Images for object localization:
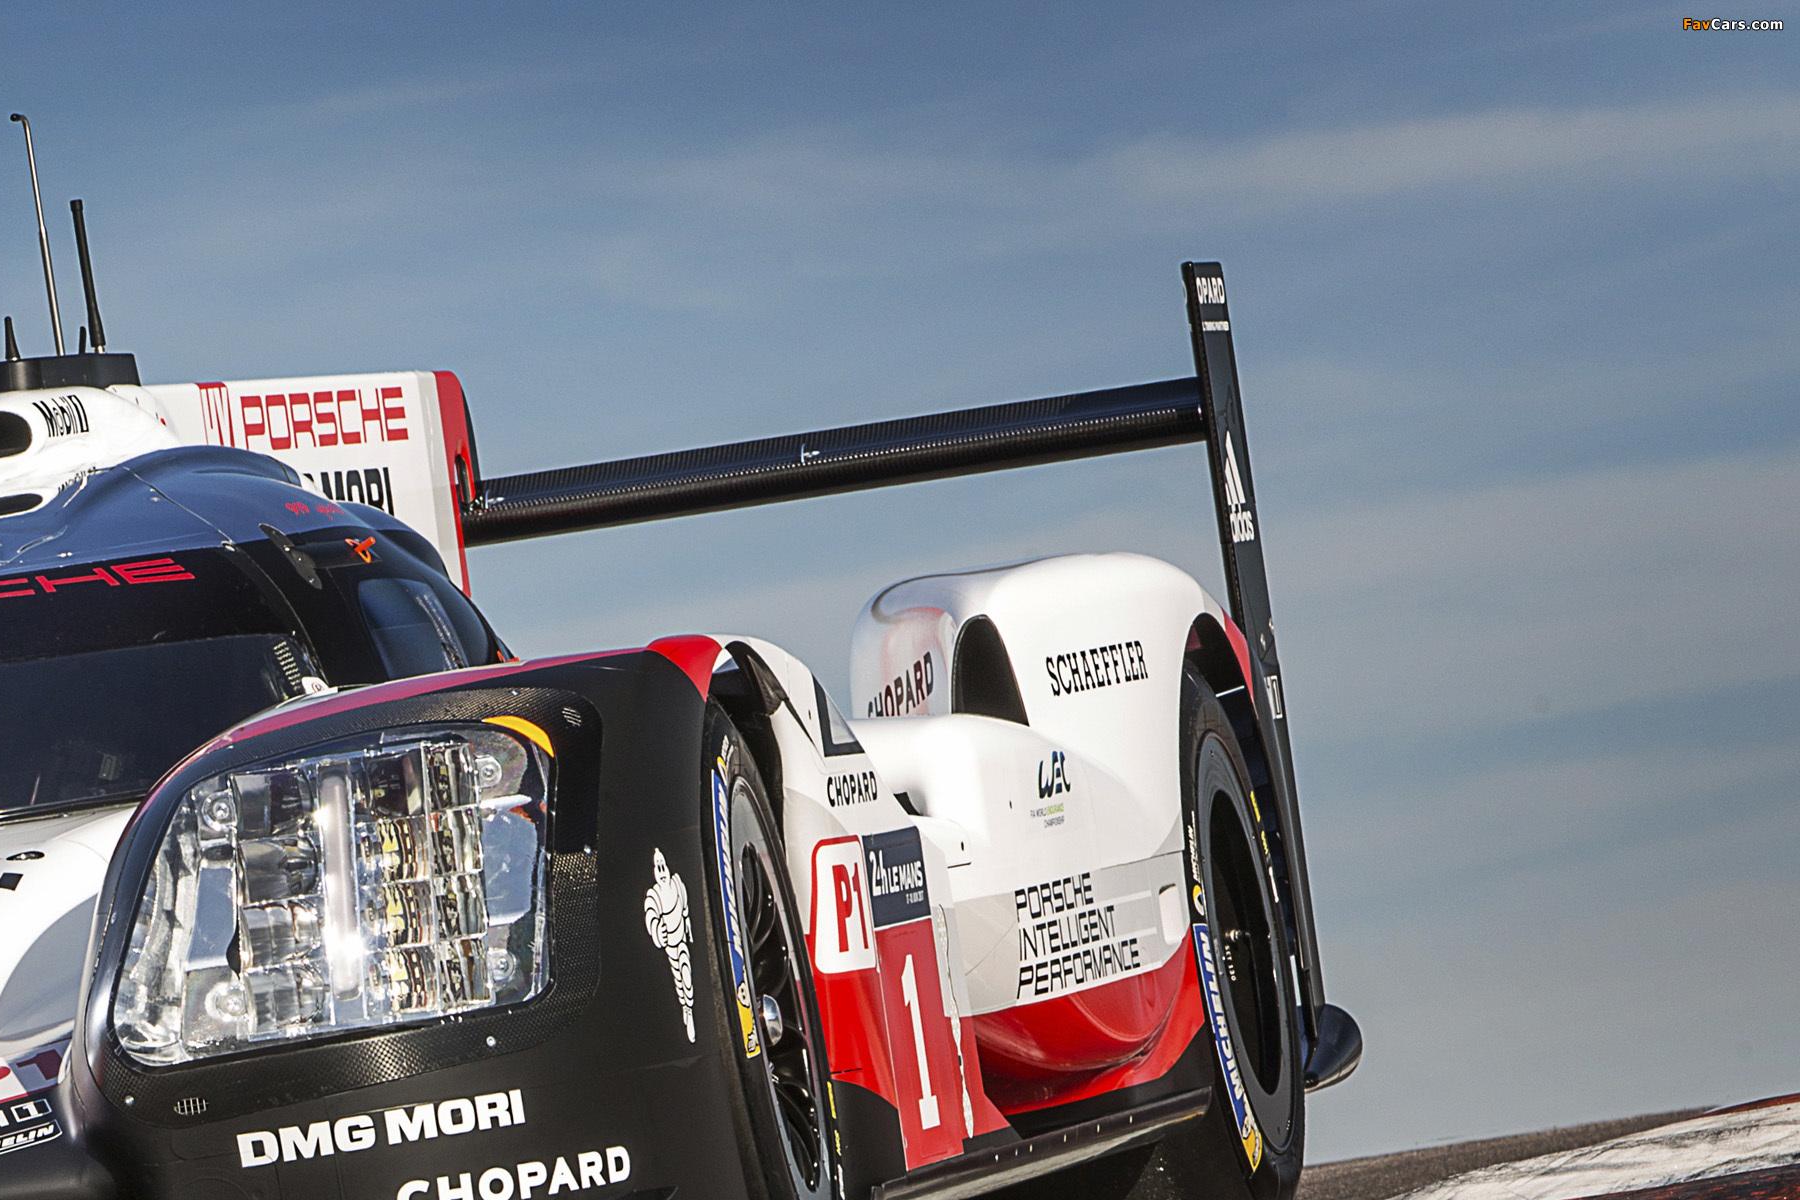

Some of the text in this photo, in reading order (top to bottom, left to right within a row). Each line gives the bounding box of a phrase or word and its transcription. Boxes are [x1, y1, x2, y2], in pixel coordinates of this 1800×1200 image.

[1195, 276, 1225, 304] OPARD
[240, 387, 409, 450] PORSCHE
[1046, 640, 1149, 697] SCHAEFFLER
[827, 771, 877, 807] CHOPARD
[887, 865, 900, 894] LE
[899, 860, 924, 892] MANS
[1014, 872, 1094, 923] PORSCHE
[832, 862, 869, 953] P1
[1019, 905, 1116, 962] INTELLIGENT
[1016, 938, 1141, 1000] PERFORMANCE
[901, 953, 942, 1131] 1
[1199, 931, 1244, 1101] MICHELIN
[236, 1089, 526, 1168] DMG MORI
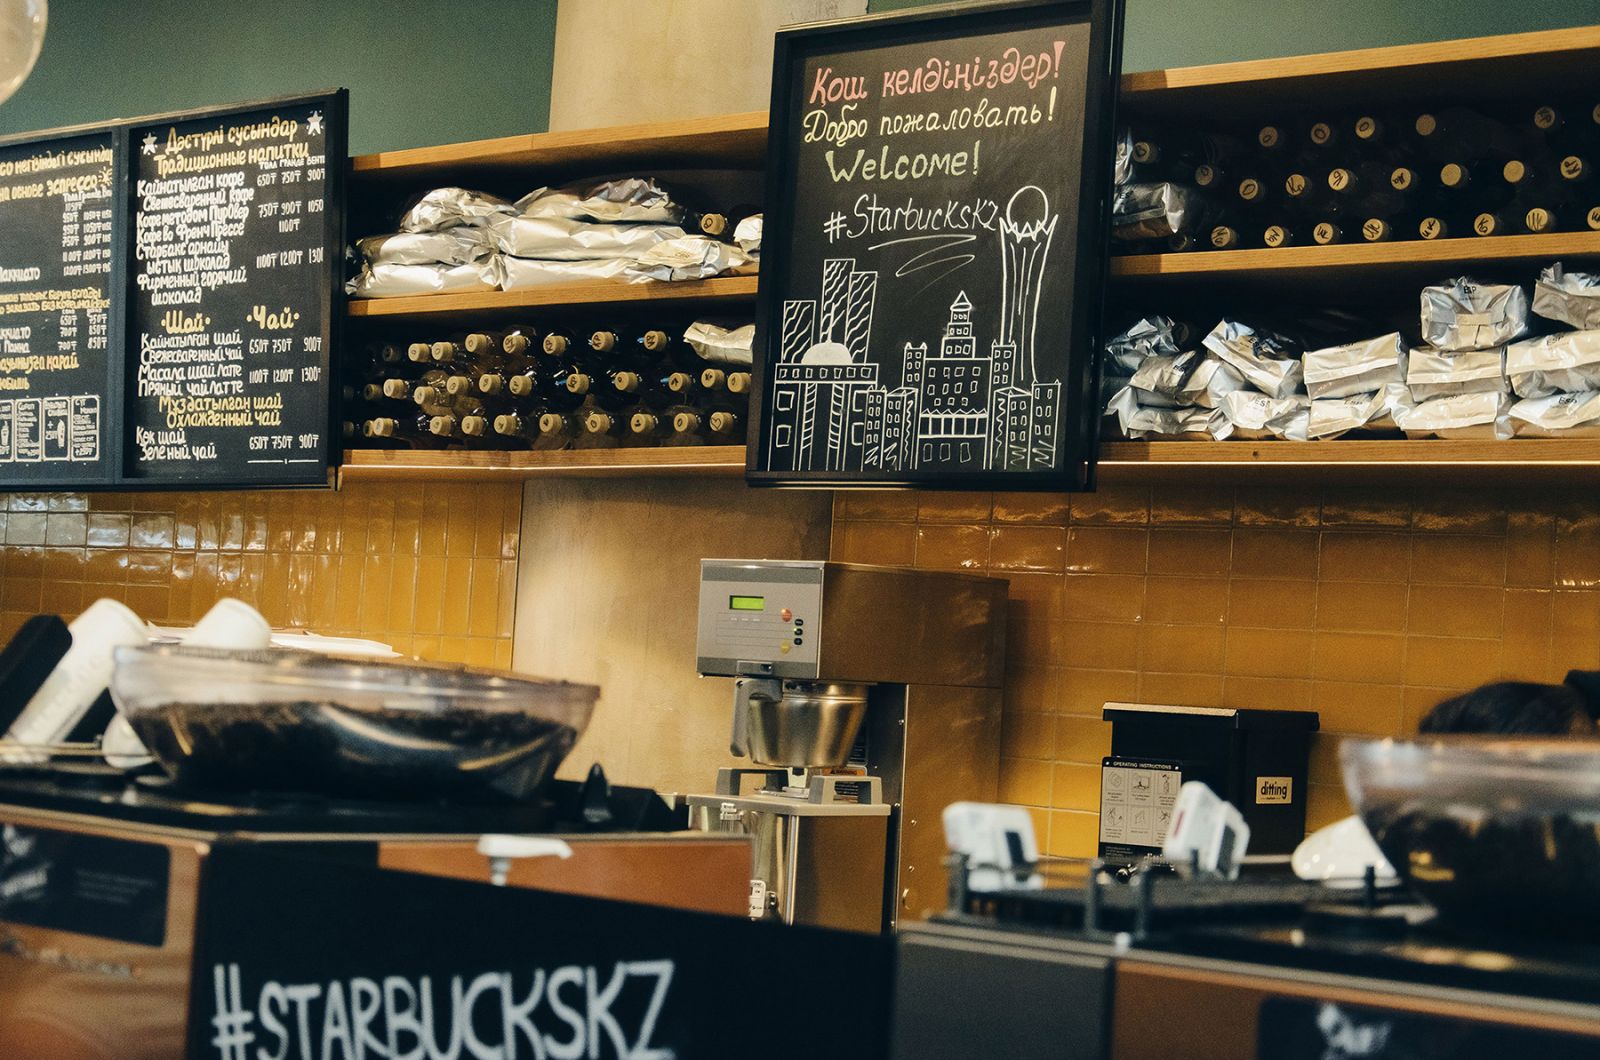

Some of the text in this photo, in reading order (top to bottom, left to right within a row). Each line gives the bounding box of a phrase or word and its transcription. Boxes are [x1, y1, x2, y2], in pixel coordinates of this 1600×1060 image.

[803, 86, 1057, 147] Добро пожаловать!
[227, 116, 298, 146] сусындар
[153, 142, 309, 178] Традиционные напитки
[825, 140, 981, 182] Welcome!
[216, 171, 246, 189] кофе
[229, 187, 255, 205] кофе
[136, 212, 162, 231] Кофе
[162, 207, 208, 226] методом
[136, 221, 245, 246] Кофе во Френч Прессе
[136, 241, 187, 260] Старбакс
[183, 253, 231, 272] шоколад
[137, 265, 248, 291] Фирменный горячий
[151, 286, 202, 306] шоколад
[213, 328, 243, 346] шай
[140, 346, 243, 366] Свежесваренный чай
[138, 364, 186, 381] Масала
[187, 362, 216, 379] шай
[138, 379, 183, 397] Пряный
[186, 380, 209, 396] чай
[253, 392, 283, 410] шай
[166, 410, 282, 429] Охлажденный чай
[158, 427, 186, 445] шай
[192, 441, 218, 461] чай
[1261, 781, 1288, 799] ditting
[212, 961, 674, 1060] #STARBUCKSKZ
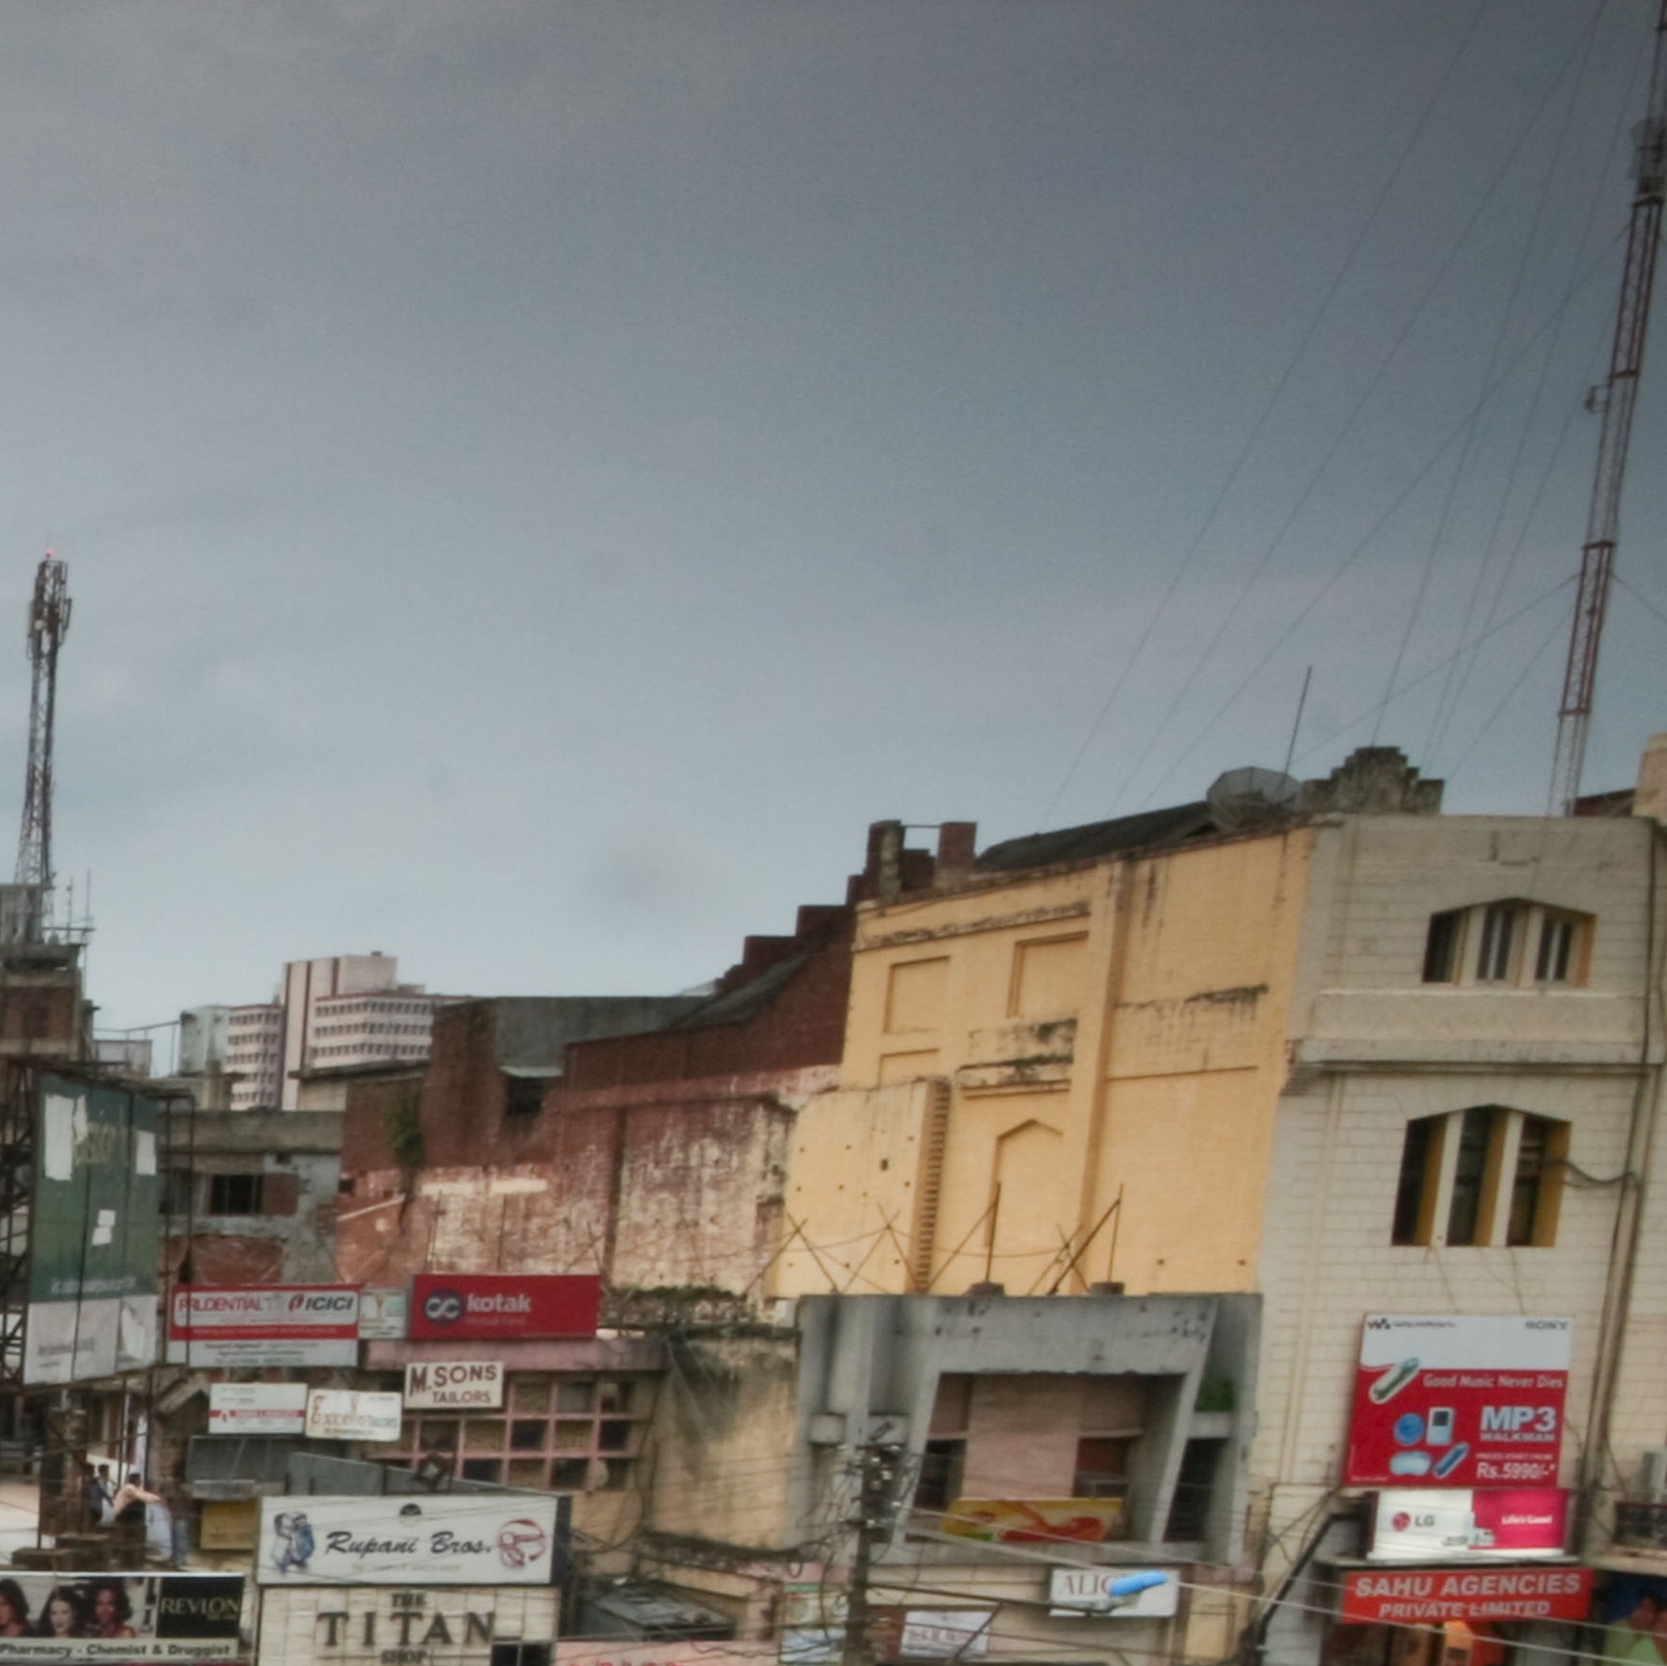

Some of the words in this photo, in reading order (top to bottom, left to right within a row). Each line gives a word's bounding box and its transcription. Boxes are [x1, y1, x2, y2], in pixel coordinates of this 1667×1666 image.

» TO DO
Can the entries above be repeated exactly, without their pictures?

» REPLY
Some of the text in this photo, in reading order (top to bottom, left to right within a row). Each line gives the bounding box of a phrase or word and its transcription. Boxes are [x1, y1, x2, y2], in pixel coordinates of this 1800×1200 image.

[1195, 276, 1225, 304] OPARD
[240, 387, 409, 450] PORSCHE
[1046, 640, 1149, 697] SCHAEFFLER
[827, 771, 877, 807] CHOPARD
[887, 865, 900, 894] LE
[899, 860, 924, 892] MANS
[1014, 872, 1094, 923] PORSCHE
[832, 862, 869, 953] P1
[1019, 905, 1116, 962] INTELLIGENT
[1016, 938, 1141, 1000] PERFORMANCE
[901, 953, 942, 1131] 1
[1199, 931, 1244, 1101] MICHELIN
[236, 1089, 526, 1168] DMG MORI

Some of the text in this photo, in reading order (top to bottom, left to right within a row). Each line gives the bounding box of a phrase or word and its transcription. Boxes are [x1, y1, x2, y2], in pixel coordinates of this 1600×1060 image.

[803, 86, 1057, 147] Добро пожаловать!
[227, 116, 298, 146] сусындар
[153, 142, 309, 178] Традиционные напитки
[825, 140, 981, 182] Welcome!
[216, 171, 246, 189] кофе
[229, 187, 255, 205] кофе
[136, 212, 162, 231] Кофе
[162, 207, 208, 226] методом
[136, 221, 245, 246] Кофе во Френч Прессе
[136, 241, 187, 260] Старбакс
[183, 253, 231, 272] шоколад
[137, 265, 248, 291] Фирменный горячий
[151, 286, 202, 306] шоколад
[213, 328, 243, 346] шай
[140, 346, 243, 366] Свежесваренный чай
[138, 364, 186, 381] Масала
[187, 362, 216, 379] шай
[138, 379, 183, 397] Пряный
[186, 380, 209, 396] чай
[253, 392, 283, 410] шай
[166, 410, 282, 429] Охлажденный чай
[158, 427, 186, 445] шай
[192, 441, 218, 461] чай
[1261, 781, 1288, 799] ditting
[212, 961, 674, 1060] #STARBUCKSKZ

Some of the words in this photo, in reading order (top to bottom, left to right within a row). Each line gives a word's bounding box and its transcription. Boxes are [x1, y1, x2, y2], in pixel coordinates of this 1667×1666 image.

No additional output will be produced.